Diterbitkan oleh IDN-InDepthNews tgl 21 Nov 2023
PBB 21 November 2023 (IDN) — Dalam kesaksian saya, saya akan merujuk pada empat (perang): Perang Ukraina, yang dimulai pada tahun 2014 dengan penggulingan presiden Ukraina Viktor Yanukovich dengan kekerasan; Perang Israel-Palestina, yang berulang kali berkobar sejak tahun 1967; Perang Suriah, yang dimulai pada tahun 2011; dan Perang Sahel, yang dimulai pada tahun 2012 di Mali dan kini telah menyebar ke seluruh Sahel.
Perang-perang ini dan perang-perang lainnya yang terjadi baru-baru ini telah merenggut jutaan nyawa, menyia-nyiakan triliunan dolar pengeluaran militer, dan menghancurkan kekayaan budaya, alam, dan ekonomi yang dibangun selama beberapa generasi dan bahkan ribuan tahun. Perang adalah musuh terburuk pembangunan berkelanjutan.
Perang-perang ini mungkin tampak sulit untuk diselesaikan, namun kenyataannya tidak demikian. Memang benar, saya menyarankan agar keempat perang tersebut dapat diakhiri dengan cepat melalui kesepakatan di Dewan Keamanan PBB. Salah satu alasannya adalah perang besar harus dipicu oleh pihak luar, baik dengan pendanaan maupun persenjataan dari luar. Dewan Keamanan PBB dapat sepakat untuk menghentikan perang yang mengerikan ini dengan menahan pendanaan dan persenjataan dari luar. Hal ini memerlukan kesepakatan di antara negara-negara besar.
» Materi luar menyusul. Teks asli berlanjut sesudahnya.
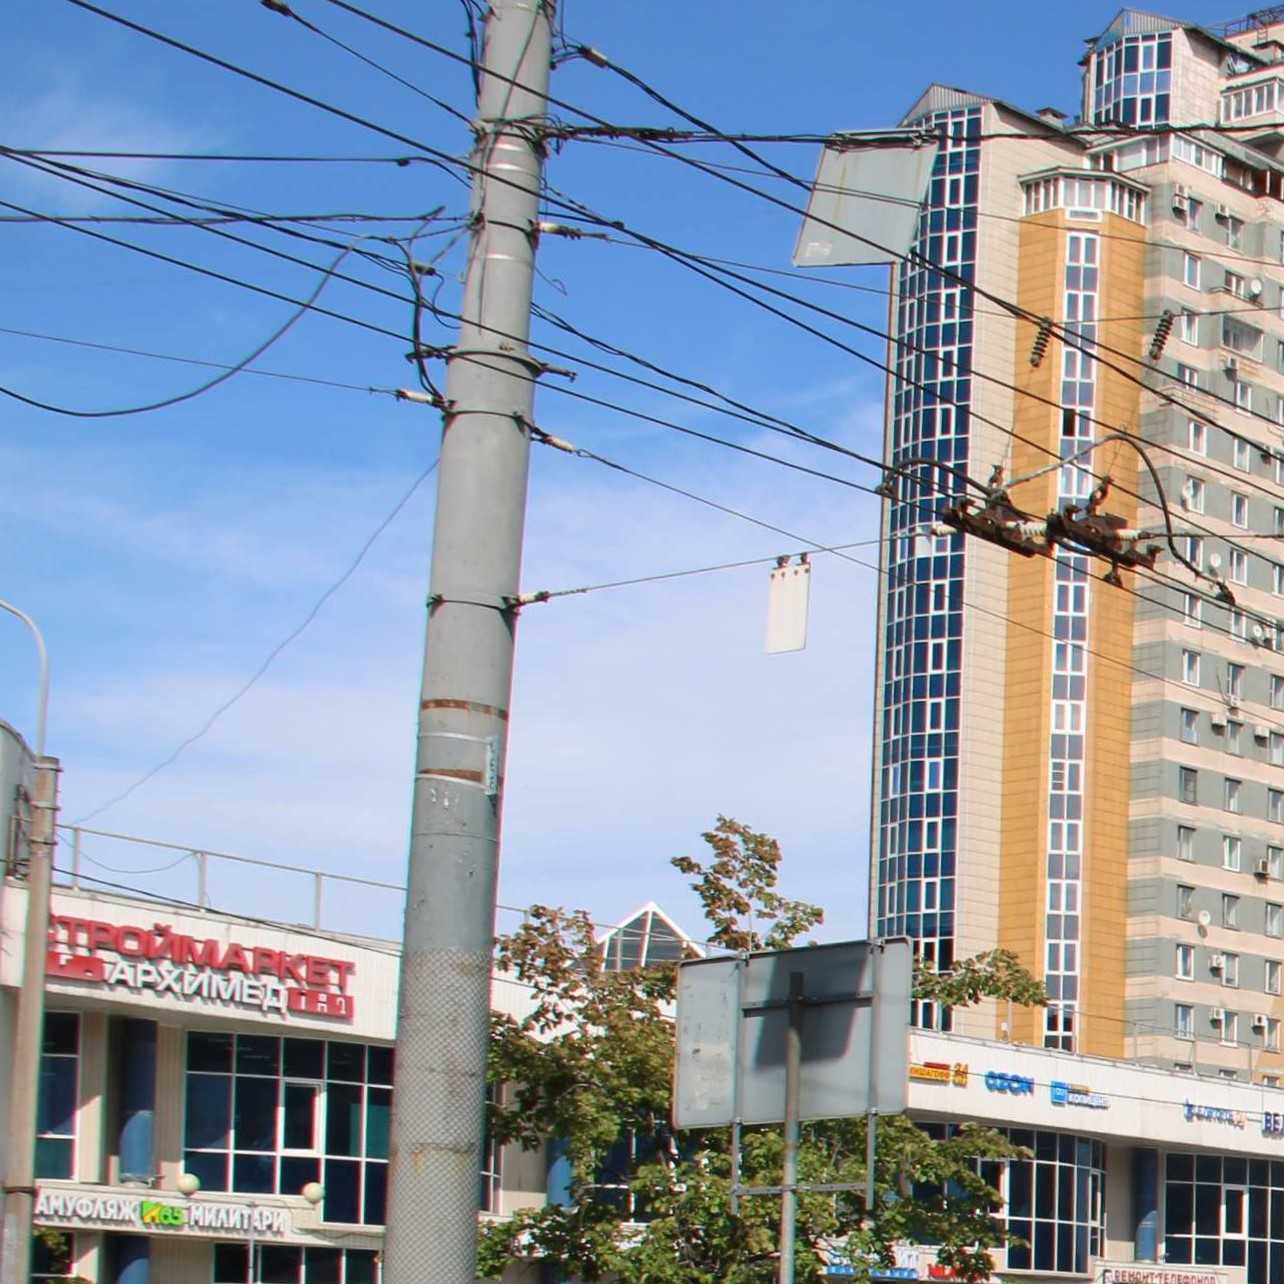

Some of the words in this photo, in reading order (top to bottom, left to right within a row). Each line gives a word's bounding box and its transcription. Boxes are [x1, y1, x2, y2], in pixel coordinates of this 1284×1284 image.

[106, 960, 290, 1017] АРХИМЕД
[34, 1193, 140, 1223] АМУФЛЯЖ
[187, 1203, 291, 1233] МИЛИТАРИ
Alasan lain mengapa perang-perang ini dapat berakhir dengan cepat adalah karena perang-perang tersebut disebabkan oleh faktor-faktor ekonomi dan politik yang dapat diatasi melalui diplomasi, bukan melalui perang. Dengan mengatasi faktor-faktor mendasar politik dan ekonomi, Dewan Keamanan dapat menciptakan kondisi perdamaian dan pembangunan berkelanjutan. Mari kita bahas masing-masing dari empat perang tersebut secara bergantian.
Perang di Ukraina
Perang di Ukraina memiliki dua penyebab politik utama. Yang pertama adalah upaya NATO untuk melakukan ekspansi ke Ukraina meskipun ada penolakan yang tepat waktu, berulang-ulang, dan semakin mendesak dari Rusia. Rusia menganggap kehadiran NATO di Ukraina sebagai ancaman signifikan terhadap keamanan Rusia.
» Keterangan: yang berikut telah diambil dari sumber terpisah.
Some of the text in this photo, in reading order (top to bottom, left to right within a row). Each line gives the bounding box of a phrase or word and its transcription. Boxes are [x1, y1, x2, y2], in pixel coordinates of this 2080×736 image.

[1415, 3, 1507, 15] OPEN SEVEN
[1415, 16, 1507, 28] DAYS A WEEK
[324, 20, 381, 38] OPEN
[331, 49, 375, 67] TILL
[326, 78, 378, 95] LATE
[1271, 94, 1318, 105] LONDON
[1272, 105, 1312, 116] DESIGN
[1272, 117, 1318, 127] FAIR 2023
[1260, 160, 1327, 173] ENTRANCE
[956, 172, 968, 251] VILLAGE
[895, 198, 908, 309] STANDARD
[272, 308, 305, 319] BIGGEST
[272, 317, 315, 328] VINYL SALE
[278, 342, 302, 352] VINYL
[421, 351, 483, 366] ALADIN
Penyebab politik kedua adalah perpecahan etnis timur-barat di Ukraina, sebagian karena perbedaan bahasa dan sebagian lagi karena perbedaan agama. Menyusul penggulingan Presiden Yanukovych pada tahun 2014, wilayah etnis Rusia memisahkan diri dari pemerintahan pasca kudeta dan meminta perlindungan dan otonomi. Perjanjian Minsk II, yang disahkan dengan suara bulat oleh Dewan ini dalam Resolusi 2202, menyerukan otonomi daerah untuk dimasukkan dalam konstitusi Ukraina, namun perjanjian tersebut tidak pernah dilaksanakan oleh Pemerintah Ukraina meskipun mendapat dukungan dari Dewan Keamanan PBB.
Penyebab ekonomi dari perang ini disebabkan oleh kenyataan bahwa perekonomian Ukraina menghadap ke arah barat dari Uni Eropa dan ke arah timur dari Rusia, Asia Tengah, dan Asia Timur. Ketika UE mencoba merundingkan perjanjian perdagangan bebas dengan Ukraina, Rusia menyatakan kekhawatirannya bahwa perdagangan dan investasinya di Ukraina akan terganggu kecuali jika perjanjian tiga arah dicapai antara UE, Rusia, dan Ukraina untuk memastikan bahwa perdagangan Ukraina-Rusia dan investasi akan dipertahankan seiring dengan perdagangan UE-Ukraina. Sayangnya, UE tampaknya tidak siap untuk bernegosiasi dengan Rusia mengenai perjanjian tiga arah tersebut, dan persaingan ekonomi Ukraina yang berorientasi timur-barat tidak pernah terselesaikan.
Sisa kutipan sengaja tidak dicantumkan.